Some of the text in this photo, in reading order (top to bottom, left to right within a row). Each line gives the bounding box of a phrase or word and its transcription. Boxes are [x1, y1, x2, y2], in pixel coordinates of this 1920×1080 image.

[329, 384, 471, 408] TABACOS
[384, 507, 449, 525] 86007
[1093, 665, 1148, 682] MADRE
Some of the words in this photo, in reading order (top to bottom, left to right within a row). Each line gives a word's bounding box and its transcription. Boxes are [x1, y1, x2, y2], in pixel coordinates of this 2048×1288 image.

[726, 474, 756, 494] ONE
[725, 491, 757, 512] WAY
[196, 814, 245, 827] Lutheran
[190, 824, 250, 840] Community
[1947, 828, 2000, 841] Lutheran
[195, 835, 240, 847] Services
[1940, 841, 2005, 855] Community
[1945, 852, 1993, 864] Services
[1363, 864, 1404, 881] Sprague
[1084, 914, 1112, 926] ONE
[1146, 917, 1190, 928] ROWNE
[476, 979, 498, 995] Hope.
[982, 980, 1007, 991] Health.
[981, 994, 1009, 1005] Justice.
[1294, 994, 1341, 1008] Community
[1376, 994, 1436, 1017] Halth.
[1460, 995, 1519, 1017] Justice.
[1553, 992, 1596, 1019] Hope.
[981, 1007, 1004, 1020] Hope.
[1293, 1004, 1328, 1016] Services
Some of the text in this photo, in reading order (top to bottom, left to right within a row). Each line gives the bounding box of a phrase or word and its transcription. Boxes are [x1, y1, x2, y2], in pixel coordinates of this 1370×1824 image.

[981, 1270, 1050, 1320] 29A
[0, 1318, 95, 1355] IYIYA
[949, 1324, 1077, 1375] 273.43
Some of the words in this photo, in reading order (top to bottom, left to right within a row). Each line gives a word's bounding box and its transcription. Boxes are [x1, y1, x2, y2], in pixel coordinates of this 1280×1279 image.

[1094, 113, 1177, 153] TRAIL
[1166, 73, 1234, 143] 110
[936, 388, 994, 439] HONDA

###

## Work request
Your job is to give the listing again exactly as it was written.

## Solved exercise
Some of the text in this photo, in reading order (top to bottom, left to right within a row). Each line gives the bounding box of a phrase or word and its transcription. Boxes are [x1, y1, x2, y2], in pixel coordinates of this 1920×1080 image.

[329, 384, 471, 408] TABACOS
[384, 507, 449, 525] 86007
[1093, 665, 1148, 682] MADRE
Some of the words in this photo, in reading order (top to bottom, left to right within a row). Each line gives a word's bounding box and its transcription. Boxes are [x1, y1, x2, y2], in pixel coordinates of this 2048×1288 image.

[726, 474, 756, 494] ONE
[725, 491, 757, 512] WAY
[196, 814, 245, 827] Lutheran
[190, 824, 250, 840] Community
[1947, 828, 2000, 841] Lutheran
[195, 835, 240, 847] Services
[1940, 841, 2005, 855] Community
[1945, 852, 1993, 864] Services
[1363, 864, 1404, 881] Sprague
[1084, 914, 1112, 926] ONE
[1146, 917, 1190, 928] ROWNE
[476, 979, 498, 995] Hope.
[982, 980, 1007, 991] Health.
[981, 994, 1009, 1005] Justice.
[1294, 994, 1341, 1008] Community
[1376, 994, 1436, 1017] Halth.
[1460, 995, 1519, 1017] Justice.
[1553, 992, 1596, 1019] Hope.
[981, 1007, 1004, 1020] Hope.
[1293, 1004, 1328, 1016] Services
Some of the text in this photo, in reading order (top to bottom, left to right within a row). Each line gives the bounding box of a phrase or word and its transcription. Boxes are [x1, y1, x2, y2], in pixel coordinates of this 1370×1824 image.

[981, 1270, 1050, 1320] 29A
[0, 1318, 95, 1355] IYIYA
[949, 1324, 1077, 1375] 273.43
Some of the words in this photo, in reading order (top to bottom, left to right within a row). Each line gives a word's bounding box and its transcription. Boxes are [x1, y1, x2, y2], in pixel coordinates of this 1280×1279 image.

[1094, 113, 1177, 153] TRAIL
[1166, 73, 1234, 143] 110
[936, 388, 994, 439] HONDA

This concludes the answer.